Thursday, January 23, 2014

#23 / Elected Power



Robert Caro is definitely on to something. 

The premise in our Constitution is that all power comes from "the people," but we the people give it away to our elected officials. Once we elect them, they have the power!

I was reminded of this just the other day, reviewing a new court case called Foothill Community Coalition v. County of Orange. The plaintiff was a community group, challenging a land use decision made by the Orange County Board of Supervisors. The community group was obviously hoping that the court would act as a kind of "honest broker," and that the court would prevent what the community group identified as a real abuse of power. 

In this case, the Board of Supervisors basically ignored its local land use plan to benefit the Roman Catholic Diocese of Orange. The Diocese wanted to build a multi-family development in an area designated in the land use plan for "single family occupancy," but somehow that designation didn't deter the Board in approving the multi-family project. How so? The Board simply changed the designation in the plan, to permit the project to go ahead.
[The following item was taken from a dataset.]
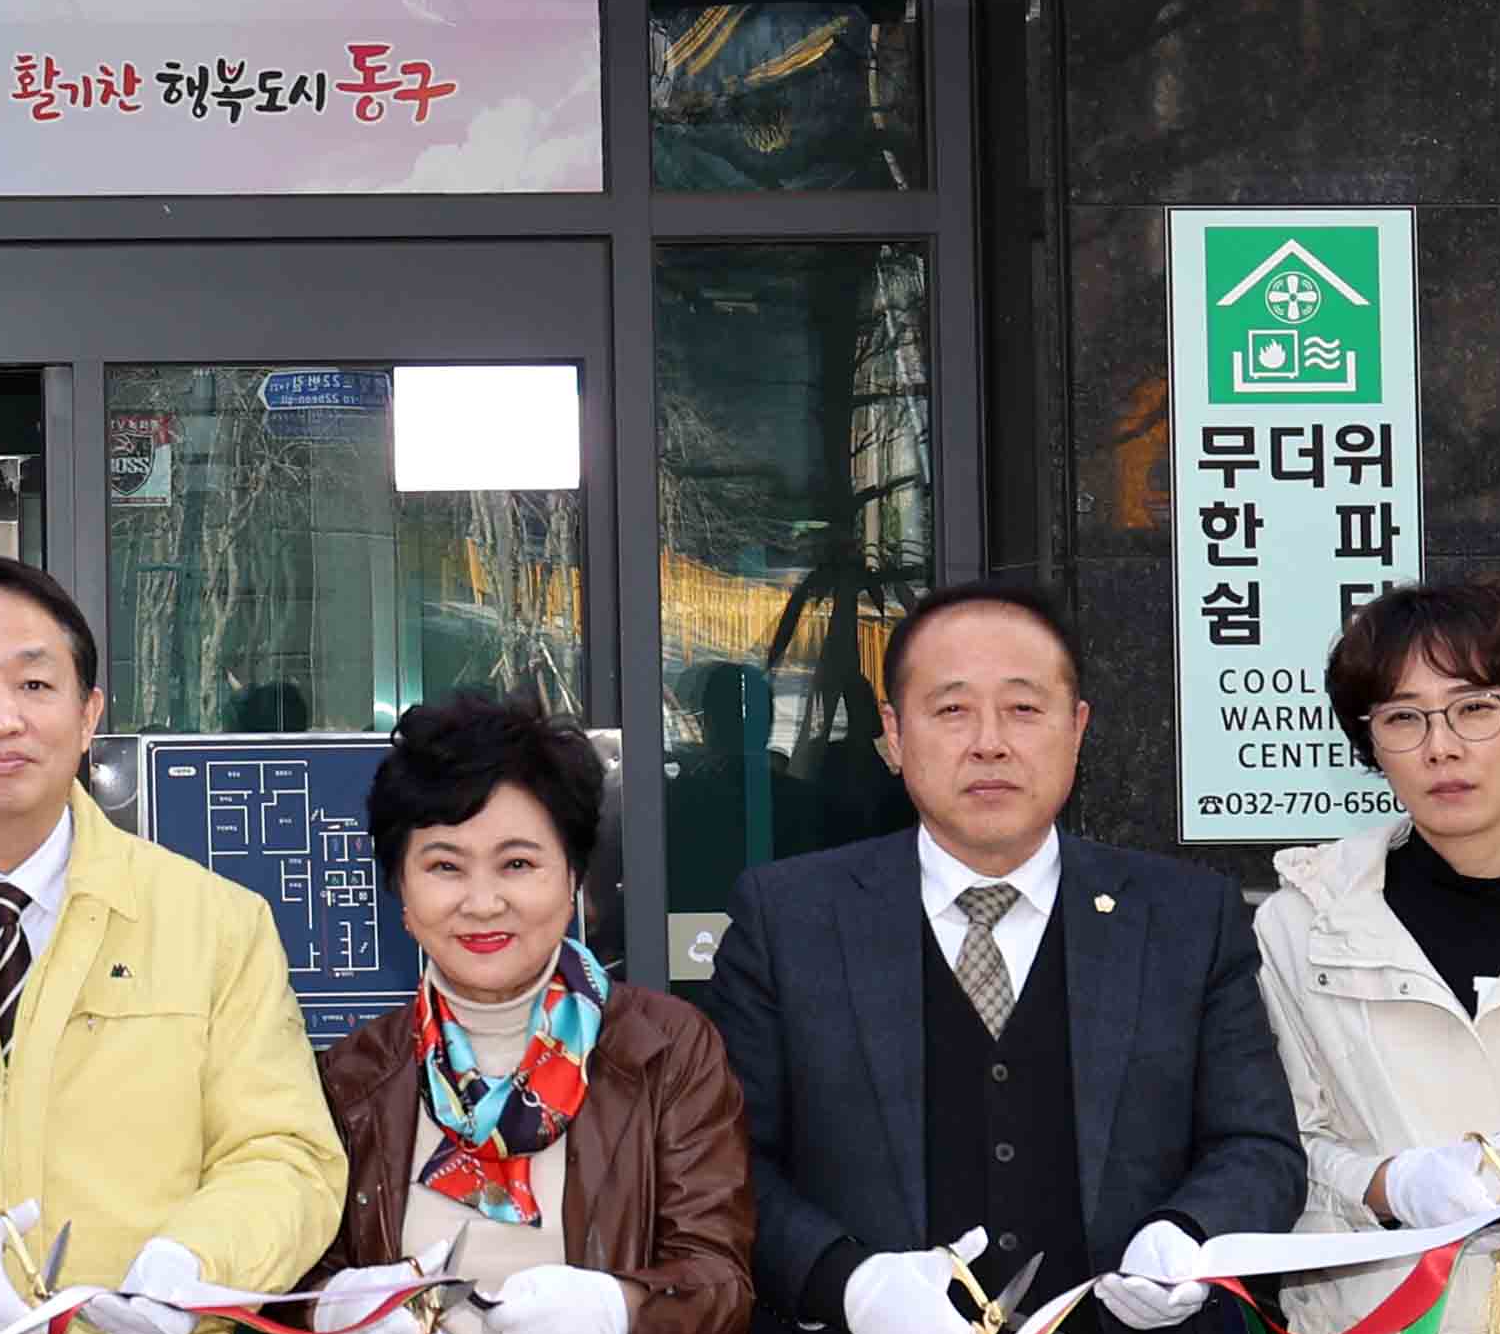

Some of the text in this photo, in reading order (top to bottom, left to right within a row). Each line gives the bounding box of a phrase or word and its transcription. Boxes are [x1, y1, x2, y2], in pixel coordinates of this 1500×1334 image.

[13, 56, 141, 120] 활기찬
[156, 59, 325, 123] 행복도시
[336, 45, 455, 121] 동구
[1199, 424, 1392, 488] 무더위
The community group felt that changing the plan to accommodate a politically powerful developer was contrary to law. If not, what good would these plans be, anyway? At the trial court level, those arguments prevailed. The trial court said that the Board of Supervisors couldn't simply change the plan to accommodate the project. The law requires just the opposite. The project needs to be consistent with the adopted plan! If not, what good would these plans be, anyway?

Too bad for the community group! The Fourth Appellate District reversed the trial court, and it is the  decision of the Appellate Court to which I have provided a link. Just listen to what the Appellate Court says about the prerogatives of our elected officials, as they confront land use plans: 

Under the applicable standard of review we consider the Board's factual findings of consistency and defer to them unless "no reasonable person could have reached the same conclusion on the evidence before it." 
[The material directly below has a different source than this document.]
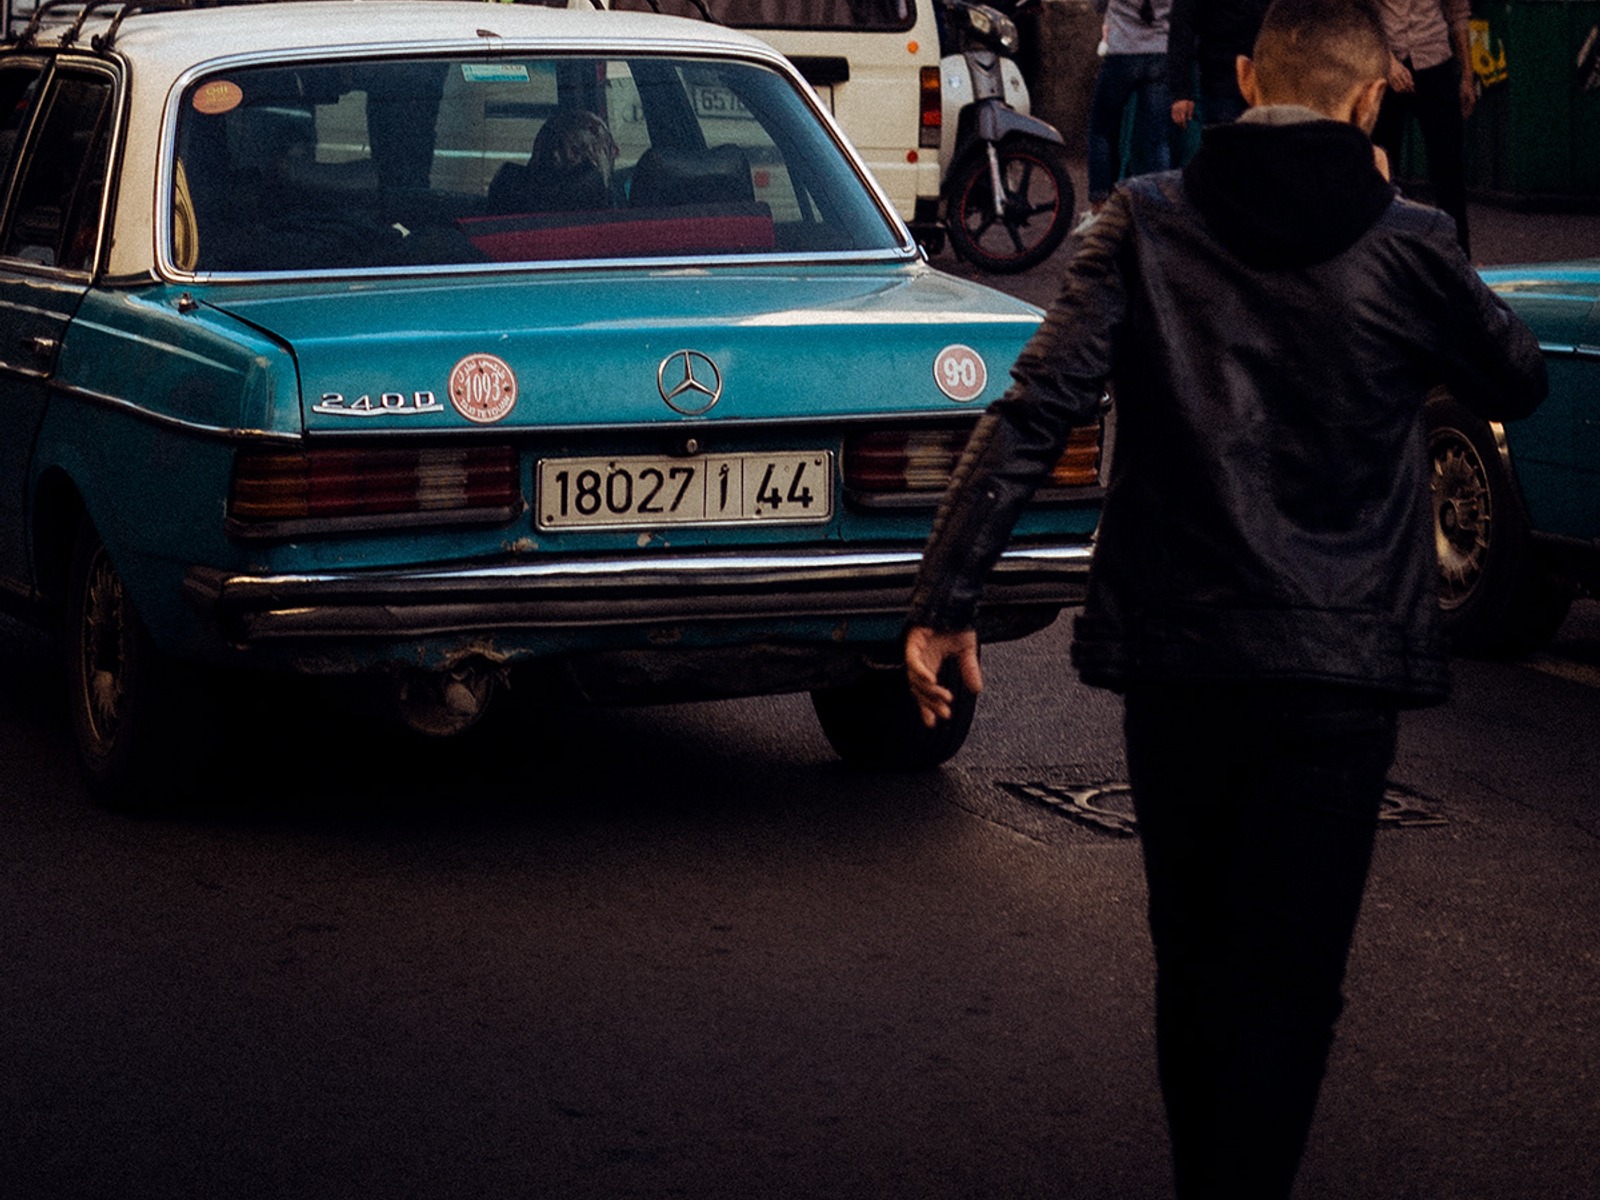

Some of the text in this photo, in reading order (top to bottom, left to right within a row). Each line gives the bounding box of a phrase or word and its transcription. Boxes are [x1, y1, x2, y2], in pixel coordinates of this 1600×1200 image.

This idea of "deference" to elected officials shows the power that goes along with being elected. Members of the Orange County Board of Supervisors qualify as "reasonable persons" (at least the Appellate Court thought so), and so the court really found itself legally unable to overturn what the Board did. 

Once we elect people, they have "our" power, and they pretty much can do whatever they want to. That's not an aberration. It's the basic rule of government. That means, as a practical matter, that "the people" need to have the political ability to throw their elected officials out of office, if they dare disregard the plans and laws that set out the rules that are supposed to protect the people. 

It's politics, not the courts, that can save us from abuse.